- About this exercise: Below are entries; write every one of them out again exactly.
(Beginning of Information shown)
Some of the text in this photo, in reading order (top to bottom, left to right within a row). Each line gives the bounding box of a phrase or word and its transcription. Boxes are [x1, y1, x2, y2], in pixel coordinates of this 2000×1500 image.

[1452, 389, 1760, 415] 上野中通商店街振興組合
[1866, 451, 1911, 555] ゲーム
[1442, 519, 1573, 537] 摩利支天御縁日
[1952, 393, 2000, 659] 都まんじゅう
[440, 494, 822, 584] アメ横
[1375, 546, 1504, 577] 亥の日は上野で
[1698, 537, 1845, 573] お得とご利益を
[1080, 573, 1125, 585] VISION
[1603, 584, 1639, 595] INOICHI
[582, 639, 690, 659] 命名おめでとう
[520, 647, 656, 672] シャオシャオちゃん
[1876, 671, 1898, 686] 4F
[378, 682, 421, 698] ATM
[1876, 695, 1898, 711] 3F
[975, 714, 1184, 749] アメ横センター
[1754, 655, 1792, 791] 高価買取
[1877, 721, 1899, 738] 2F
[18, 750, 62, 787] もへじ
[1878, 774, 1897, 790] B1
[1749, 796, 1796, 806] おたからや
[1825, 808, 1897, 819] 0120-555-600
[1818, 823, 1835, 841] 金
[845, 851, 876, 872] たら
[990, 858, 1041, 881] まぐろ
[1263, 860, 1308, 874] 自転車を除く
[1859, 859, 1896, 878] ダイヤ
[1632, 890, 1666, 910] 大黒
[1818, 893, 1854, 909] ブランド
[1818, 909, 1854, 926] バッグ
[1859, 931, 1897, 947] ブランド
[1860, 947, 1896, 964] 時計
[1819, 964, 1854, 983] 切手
(End of Information shown)
- Final answer:
Some of the text in this photo, in reading order (top to bottom, left to right within a row). Each line gives the bounding box of a phrase or word and its transcription. Boxes are [x1, y1, x2, y2], in pixel coordinates of this 2000×1500 image.

[1452, 389, 1760, 415] 上野中通商店街振興組合
[1866, 451, 1911, 555] ゲーム
[1442, 519, 1573, 537] 摩利支天御縁日
[1952, 393, 2000, 659] 都まんじゅう
[440, 494, 822, 584] アメ横
[1375, 546, 1504, 577] 亥の日は上野で
[1698, 537, 1845, 573] お得とご利益を
[1080, 573, 1125, 585] VISION
[1603, 584, 1639, 595] INOICHI
[582, 639, 690, 659] 命名おめでとう
[520, 647, 656, 672] シャオシャオちゃん
[1876, 671, 1898, 686] 4F
[378, 682, 421, 698] ATM
[1876, 695, 1898, 711] 3F
[975, 714, 1184, 749] アメ横センター
[1754, 655, 1792, 791] 高価買取
[1877, 721, 1899, 738] 2F
[18, 750, 62, 787] もへじ
[1878, 774, 1897, 790] B1
[1749, 796, 1796, 806] おたからや
[1825, 808, 1897, 819] 0120-555-600
[1818, 823, 1835, 841] 金
[845, 851, 876, 872] たら
[990, 858, 1041, 881] まぐろ
[1263, 860, 1308, 874] 自転車を除く
[1859, 859, 1896, 878] ダイヤ
[1632, 890, 1666, 910] 大黒
[1818, 893, 1854, 909] ブランド
[1818, 909, 1854, 926] バッグ
[1859, 931, 1897, 947] ブランド
[1860, 947, 1896, 964] 時計
[1819, 964, 1854, 983] 切手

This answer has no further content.